Ogni volta che parto per l’Italia Ivy versa tante di quelle lacrime che fa piangere anche me. Dice che durante la mia assenza soffre di solitudine e di fame e di fame soffre anche tutta la sua famiglia. Ivy è una delle nostre sarte del progetto donne “Basadi Bothagka” (donne intelligenti e diligenti). Tagliano e cuciono grembiuli, borse, borsette per gioielli, tovagliette americane, arazzi, ecc. da vendere, ma anche vestiti per loro ed i loro bambini. Purtroppo non sono ancora autosufficienti, hanno bisogno di aiuto e sorveglianza perciò quando non ci sono, producono e vendono molto di meno. Un passo importante ma difficile da fare è portarle all’indipendenza. La regola sarebbe che dopo 3 anni di pratica da noi dovrebbero lasciare il posto ad altre donne, mamme dei nostri bambini, per dare loro la possibilità d’imparare a cucire e di dare un piccolo aiuto economico alle loro famiglie. Spesso non ho il coraggio di mandarle via, perché da noi si sentono protette e al sicuro ed è l’unico guadagno che hanno. Le donne che hanno lavorato da noi precedentemente hanno messo via una parte del loro guadagno per acquistare una propria macchina da cucire. Il problema sta nella vendita dei nostri articoli. So che è molto difficile vendere e guadagnare nei loro villaggi, la gente è povera, non ha soldi ed i mezzi di trasporto mancano per portare e proporre la merce altrove. Fino ad ora vendiamo ai privati in Italia, in Svizzera ed ogni tanto un turista compra qualcosa da portare a casa.

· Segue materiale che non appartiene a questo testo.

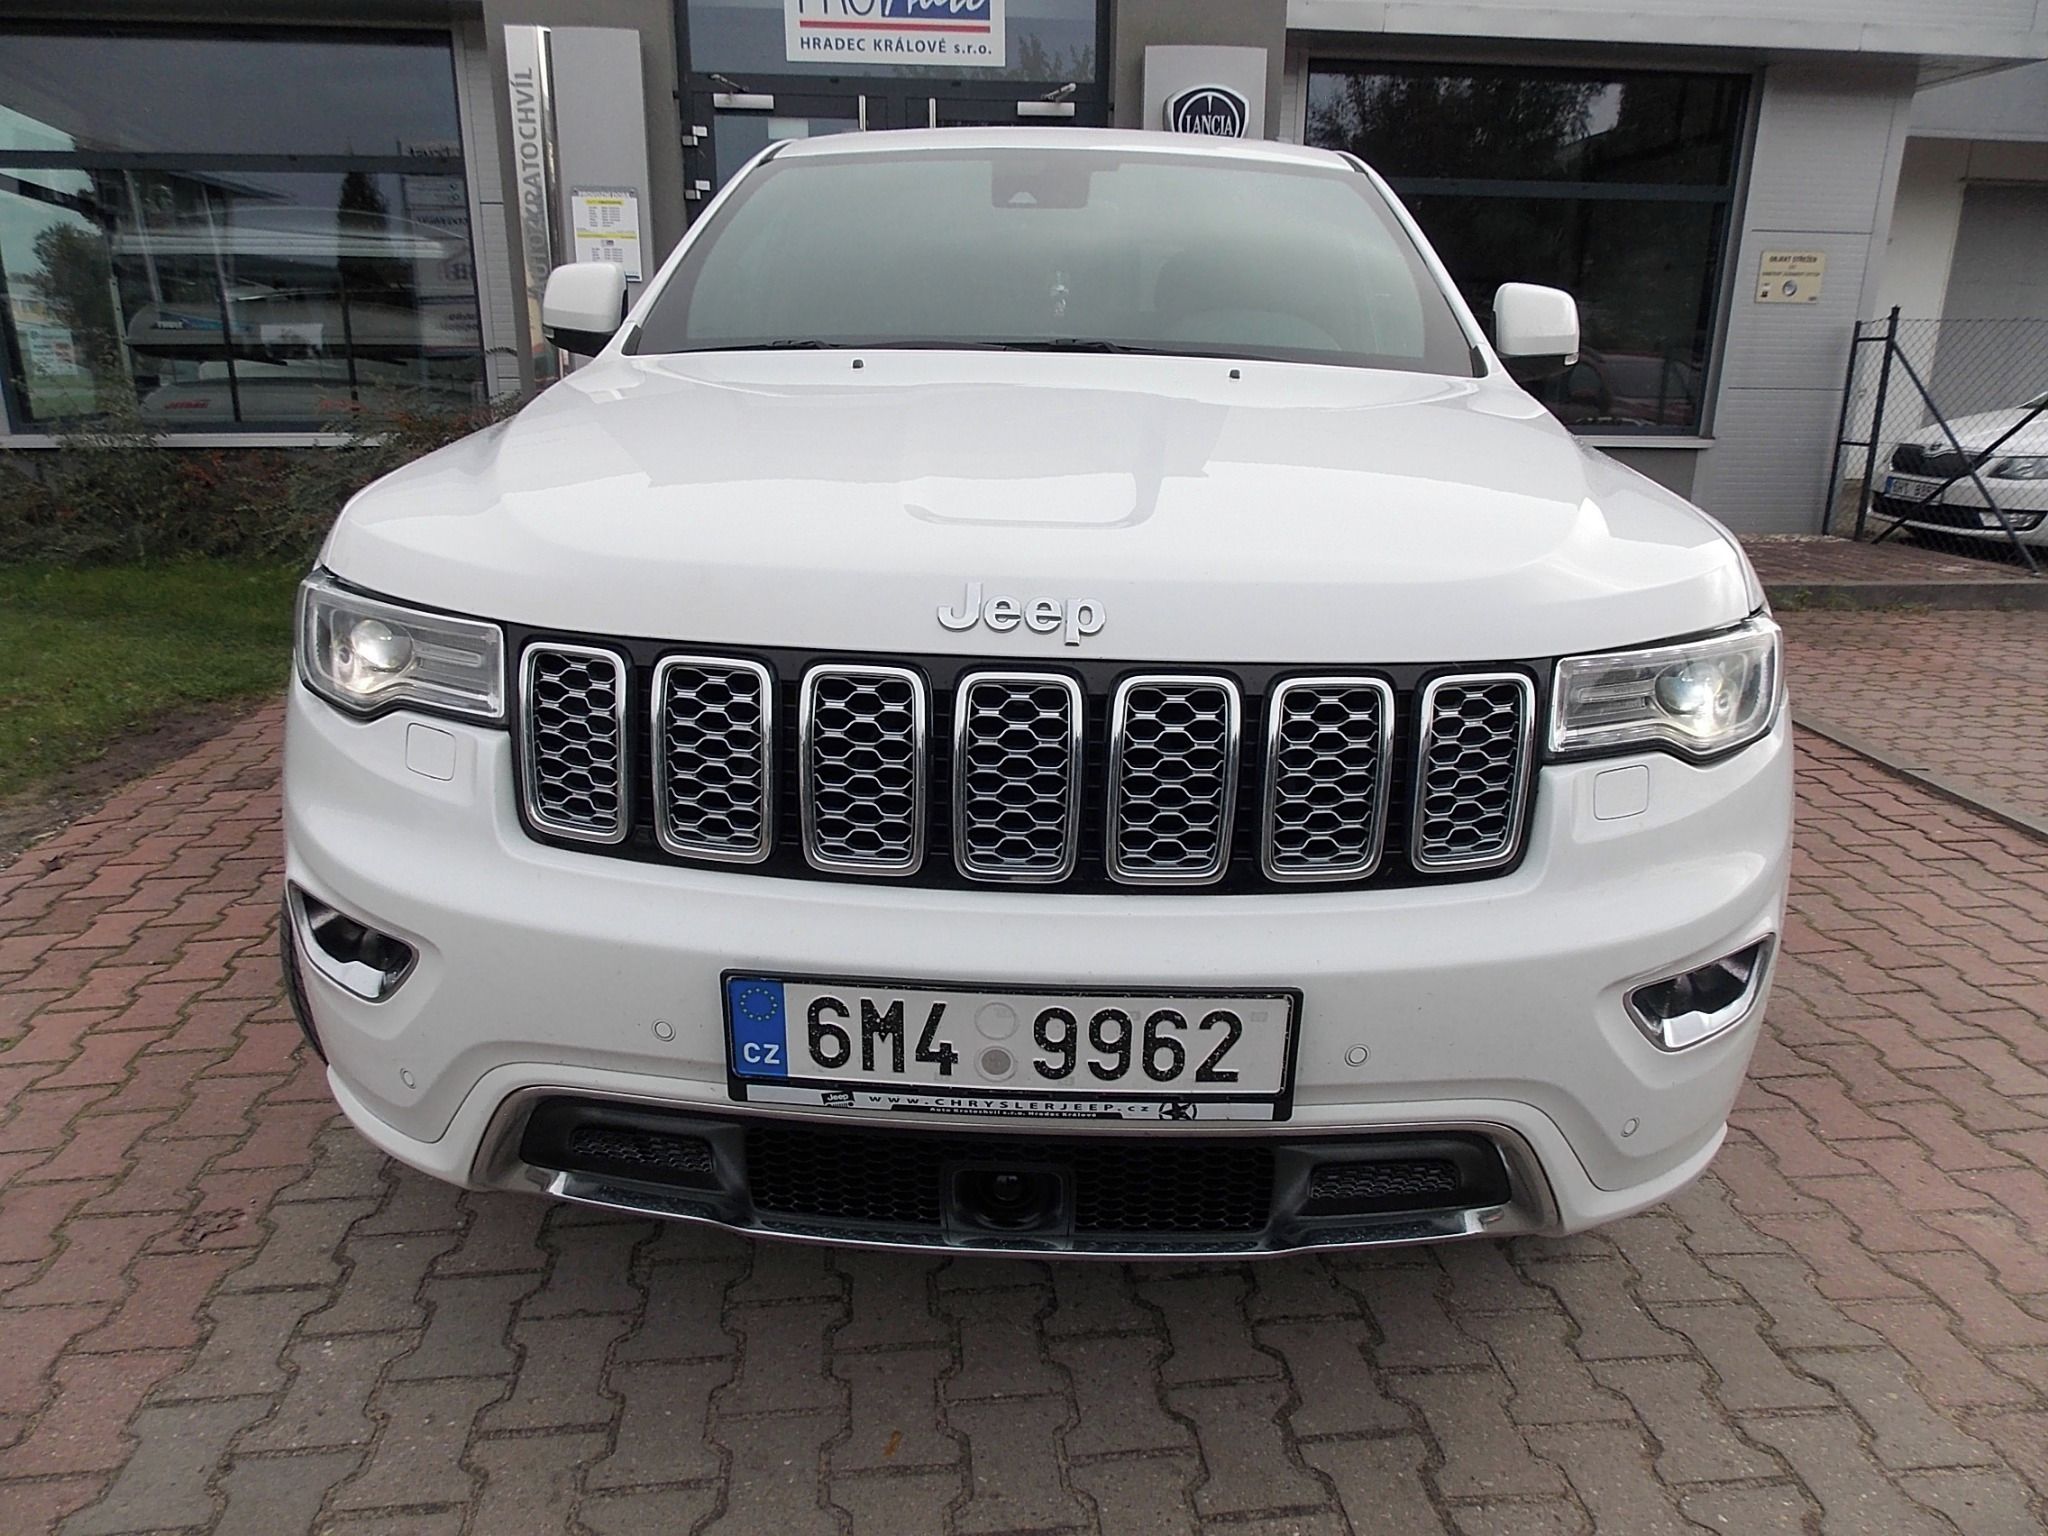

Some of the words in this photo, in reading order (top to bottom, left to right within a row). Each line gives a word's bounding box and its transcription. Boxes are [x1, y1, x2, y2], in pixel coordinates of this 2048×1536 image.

Sono stata invitata da Ivy a vedere l’abitazione nuova che ha potuto costruire con i soldi guadagnati. E’ una vera e propria casa, piccola (3x4mq), fatta di mattoni con il tetto di lamiera e una lampadina elettrica. Ivy è una donna boshimana di circa 40 anni, non conosce la sua data di nascita. Ha la pelle chiara e gli occhi tristi e spenti, è segnata da una vita dura. Di statura è bassa, è magra con la parte lombare della schiena molto pronunciata e dove, da quando la conosco, è sempre seduto un bambino. Ha 5 figli e un marito che non ha lavoro e non lo cerca nemmeno. I due figli più grandi hanno abbandonato la scuola, ma non hanno trovato un’occupazione. I due maschietti più piccoli stanno da noi, Couma è in classe A e inizierà la scuola elementare a gennaio. Khase ha soltanto 2 anni, l’abbiamo accolto nell’asilo nido. Thuso, l’unica femmina della famiglia, ha 14 anni e frequenta la terza classe della scuola media-superiore. La ragazza, per molto tempo ha fatto disperare la madre e anche me con un comportamento da maleducata e scontrosa. Bigiava spesso la scuola, i professori non si interessavano ed il suo rendimento scolastico lasciava a desiderare sempre di più. Ma la cosa che mi preoccupava di più, era, che trattava malissimo, senza rispetto, la sua mamma, che è incapace di difendersi e imporre delle regole. Dopo infiniti tentativi di avvicinamento, dialogo, offerte di aiuto e tantissima pazienza, ma anche rimproveri e minacce, miracolosamente la ragazza ha cambiato atteggiamento. Ancora oggi sono meravigliata, quasi non ci posso credere! Tratta con rispetto sua madre, frequenta regolarmente la scuola e la pagella è soddisfacente. E’ bravissima nello sport dove ha risultati eccezionali nella corsa e nel salto in alto. I professori sono molto soddisfatti e la sostengono. Promette bene, fa le gare anche in Sudafrica. Siamo tutti orgogliosi di lei e la sosteniamo. Forse tutti questi anni (11) di vicinanza e affetto, cercando con insistenza un dialogo, un incontro, l’hanno finalmente fatta ragionare. Le auguro successo ma soprattutto felicità e serenità, e che non dimentichi mai i sacrifici che ha fatto la sua mamma e rimanga sempre una ragazza onesta.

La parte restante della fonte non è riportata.